- Knowsley Safari Logo
- Interactive map of Knowsley Safari
- 53°26′31″N 2°48′43″W﻿ / ﻿53.442°N 2.812°W
- Date opened: 1971; 55 years ago
- Location: Prescot, Merseyside, England
- Land area: 550 acres (220 ha)
- No. of animals: 700+
- Memberships: BIAZA, EAZA
- Website: knowsleysafariexperience.co.uk

= Knowsley Safari Park =

Zoo in Merseyside, England

Knowsley Safari is a safari park and tourist attraction in Prescot, Merseyside, England. It is a member of the British and Irish Association of Zoos and Aquariums (BIAZA) and the European Association of Zoos and Aquaria (EAZA). It contributes to conservation and research through links with conservation projects and its links with universities in nearby Liverpool, as well as Chester and Manchester. The Channel 4 series Secret Life of the Safari Park was filmed here.

==History==
The Safari Park was opened in July 1971 in the parklands of Knowsley Hall by Edward Stanley, 18th Earl of Derby and Jimmy Chipperfield using the expertise of general manager Laurence Tennant MBE, formerly the Chief Game Warden of Parks in Uganda and Botswana. Initially the road through the park was 3.5 mi, with visitors driving past lions, cheetahs, monkeys, giraffes, zebras, elephants and various antelopes. Due to the popularity of this route, an additional 1.5 mi of road was added in 1973, and camels, buffaloes, white rhinos, and tigers were added to the park. Over the years, a few modifications have been made. For instance, tigers are now displayed in enclosures within the reserve, and a bypass around the baboons was built for visitors who are worried about damage to their cars.

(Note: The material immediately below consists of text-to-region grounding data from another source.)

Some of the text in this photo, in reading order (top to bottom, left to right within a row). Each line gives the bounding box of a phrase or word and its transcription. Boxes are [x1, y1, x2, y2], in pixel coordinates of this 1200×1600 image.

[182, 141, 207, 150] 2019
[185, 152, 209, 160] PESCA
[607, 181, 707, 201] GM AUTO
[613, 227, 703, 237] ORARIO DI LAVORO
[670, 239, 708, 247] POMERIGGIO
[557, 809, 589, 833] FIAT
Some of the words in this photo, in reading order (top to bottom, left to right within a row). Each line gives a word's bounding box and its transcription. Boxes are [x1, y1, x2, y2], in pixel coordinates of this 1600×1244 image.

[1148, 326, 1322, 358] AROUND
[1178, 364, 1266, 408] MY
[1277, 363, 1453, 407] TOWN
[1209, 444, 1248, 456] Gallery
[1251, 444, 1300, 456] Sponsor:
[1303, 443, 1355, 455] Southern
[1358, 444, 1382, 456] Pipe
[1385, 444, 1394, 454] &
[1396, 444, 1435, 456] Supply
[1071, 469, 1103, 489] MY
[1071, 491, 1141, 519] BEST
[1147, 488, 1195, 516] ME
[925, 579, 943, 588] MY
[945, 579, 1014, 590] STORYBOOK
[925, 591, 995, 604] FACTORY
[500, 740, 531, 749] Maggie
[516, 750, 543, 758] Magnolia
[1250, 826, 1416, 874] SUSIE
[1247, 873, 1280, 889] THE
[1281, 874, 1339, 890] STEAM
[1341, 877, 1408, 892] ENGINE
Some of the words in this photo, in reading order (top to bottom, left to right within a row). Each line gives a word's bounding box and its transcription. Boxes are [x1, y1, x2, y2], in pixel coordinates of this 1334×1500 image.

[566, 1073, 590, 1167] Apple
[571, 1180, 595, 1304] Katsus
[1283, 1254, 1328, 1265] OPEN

The park was also home to a former RAF airfield which closed at the end of World War II. The RAF airbase situated at the safari park was also known as No 49 SLG or RAF Knowsley Park and was in use between 13 May 1942 – November 1944.

The park has hosted several sporting events including the Olympic torch relay, watched by 6,000 children and families in June 2012. The park hosted the finish of Stage Two of the 2012 Tour of Britain cycling event and hosted Stage Three of the 2013 Tour in September of that year.

==Zoological collection==
Situated around Knowsley Hall on the ancestral estate of the Earl of Derby, the reserve is home to different animals. The Derby Estate have a tradition of keeping animals, ever since the artist and nonsense-poet Edward Lear was employed there in the 19th century to paint pictures of the Earl's collection.

===Olive Baboons===
The park is open to the public and customers drive around the park in their vehicles. There is a bypass route past the baboons for those who wish to avoid the risk of the baboons damaging their cars. In 2009 the baboons made the news all over the world when a video was released showing how they were intelligent and curious enough to open car roofboxes.

=== Amur Tiger Trail ===
Amur Tiger Trail opened 25 May 2018, home to the Amur Tiger otherwise known as the Siberian Tiger. The area is 10000 m2 and includes forested areas, natural streams and ponds.

=== The Equatorial Trail ===
This exhibit focuses on animals who thrive in habitats around the Earth's Equator. The exhibit also houses the 'Equatorial Express', a small train which visitors can ride to gain a unique viewpoint of the animals. 4 animal species are housed in this exhibit, the South American tapir, Sitatunga, Rhea and the Capybara.

=== African Elephant ===
Until 2017 the park housed a herd of 4 adult cows named Tana, Ashanti, Nala and Juba. They were transported to ZooParc de Beauval, France to enter the European Breeding Programme and allow for transformations on Knowsley Safari's Foot Safari. Knowsley previously housed a bull named Nissim, who collapsed in June 2014. Knowsley also recently lost their cow named Shaba due to a long battle with elephant arthritis.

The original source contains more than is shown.